In this study we define at unprecedented depth the specific APOBEC3 trinucleotide contexts of edited sites in cell culture experiments and show that the equivalent mutations that accrue in viral DNA in cells from patients through time provide a source of genetic variation upon which natural selection acts; thus, resolving the widely debated contribution of APOBEC3 editing to the genetic changes underlying the evolution of HIV-1 populations in natural infection [13], [22], [33]. Using a statistical framework that detects and corrects pyrosequencing errors, we show that APOBEC3D, APOBEC3F, APOBEC3G, and APOBEC3H, the cytidine deaminases of the human APOBEC3 gene family that are the cellular targets for HIV-1 protein Vif, have distinct, but overlapping trinucleotide contexts of the edited sites associated with antiviral defense. Mapping these APOBEC3-mediated G-to-A mutations onto the viral sequences from ten patients with primary HIV-1 infection through time is informative of the impact that these human genes can have on virus diversification.
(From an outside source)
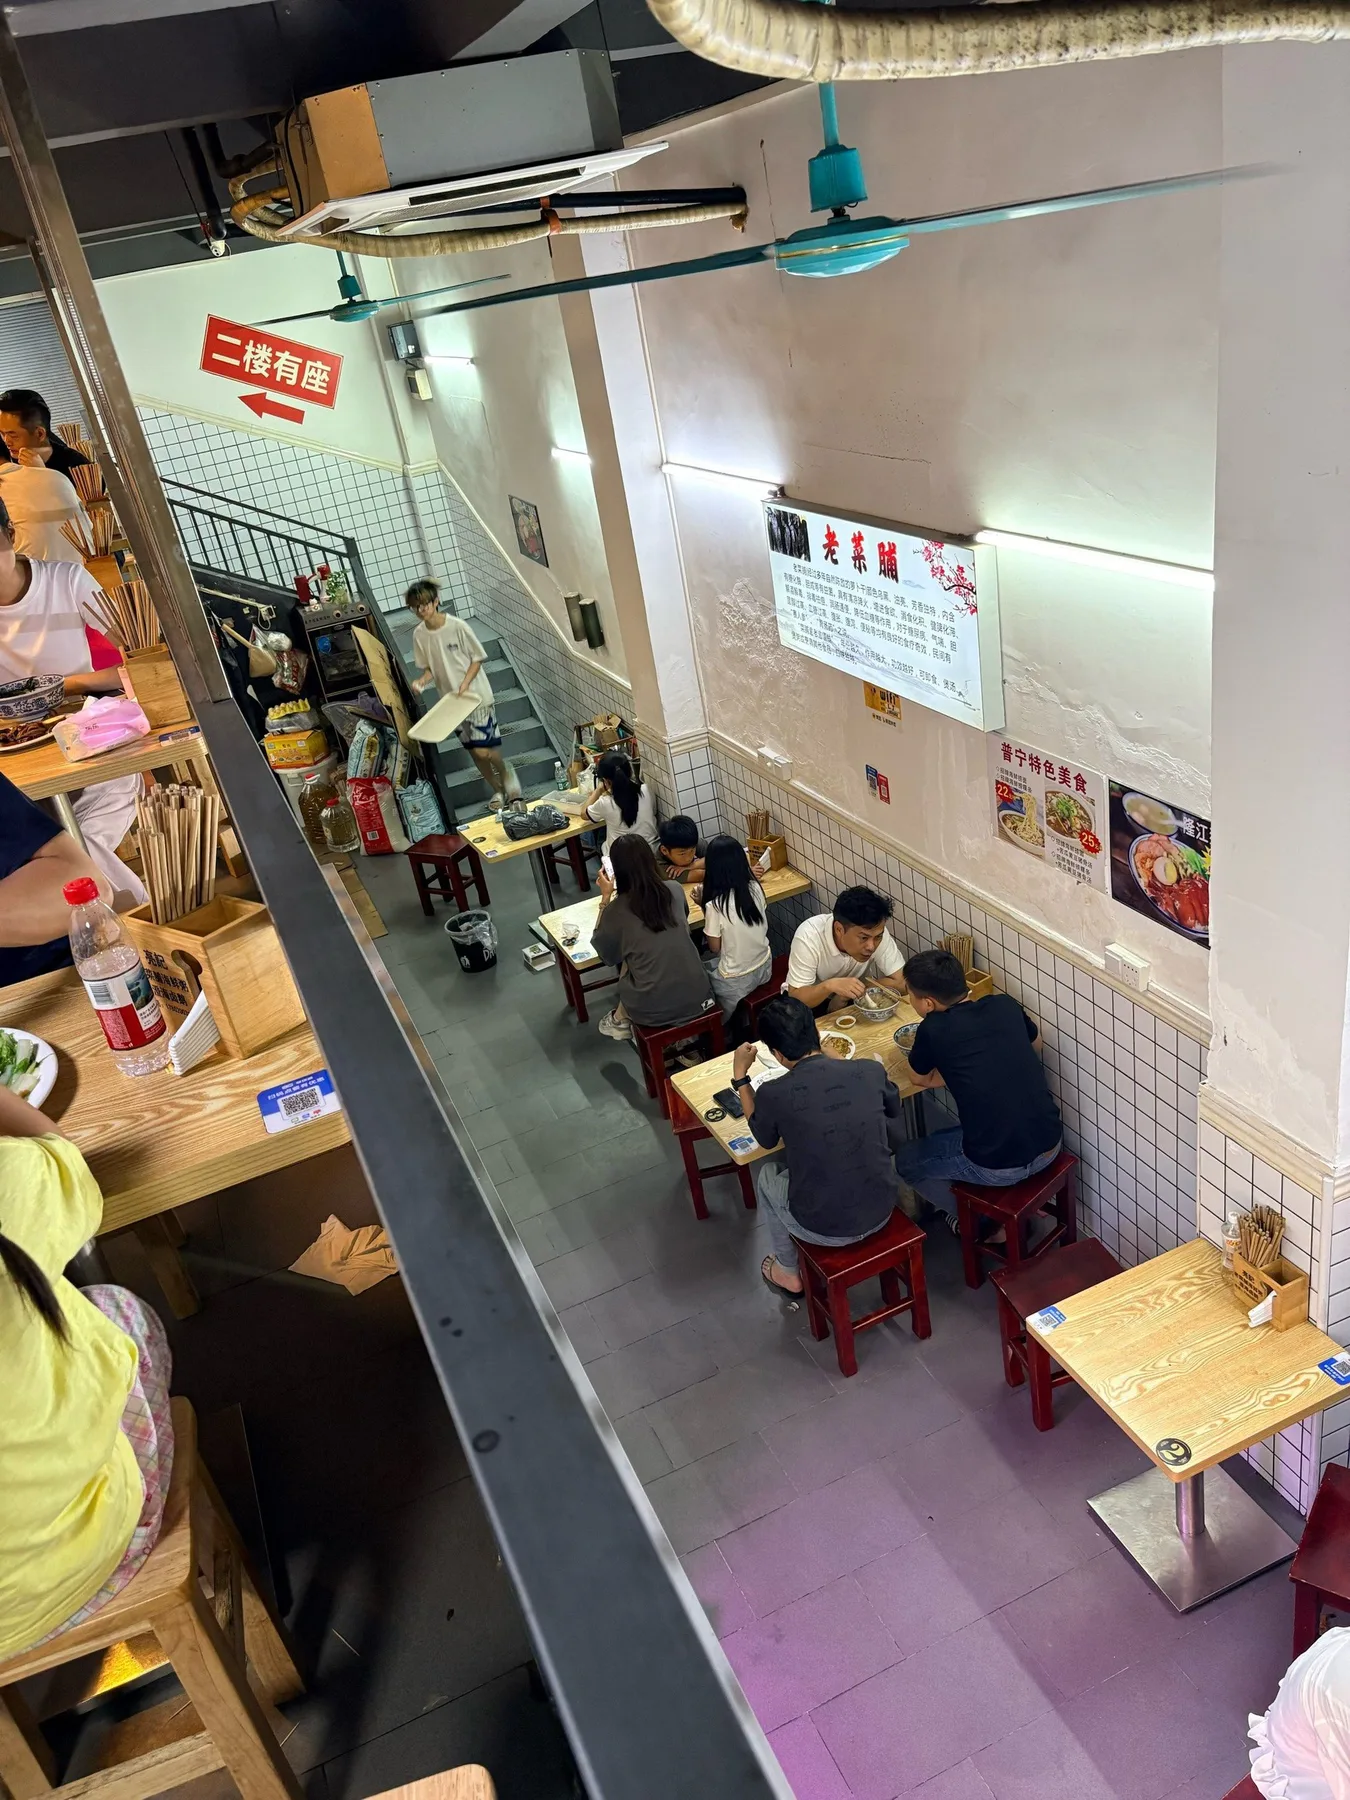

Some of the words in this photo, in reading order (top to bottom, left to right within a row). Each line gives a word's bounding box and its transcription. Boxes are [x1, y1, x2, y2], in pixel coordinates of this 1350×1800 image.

The over-representation of G-to-A mutations in the viral sequences compared with A-to-G or C-to-T or T-to-C mutations (in a A-rich, C-poor genome) suggests that accumulation of APOBEC3 mutations is well tolerated in diversifying sites and could account for the skewing of nucleotide and codon usage in the viral genome. We note that the total number and location of the APOBEC3 trinucleotide context of the edited sites within the viral genome and the extent to which they can accumulate through time need to be accounted for in evolutionary inference at the population-level.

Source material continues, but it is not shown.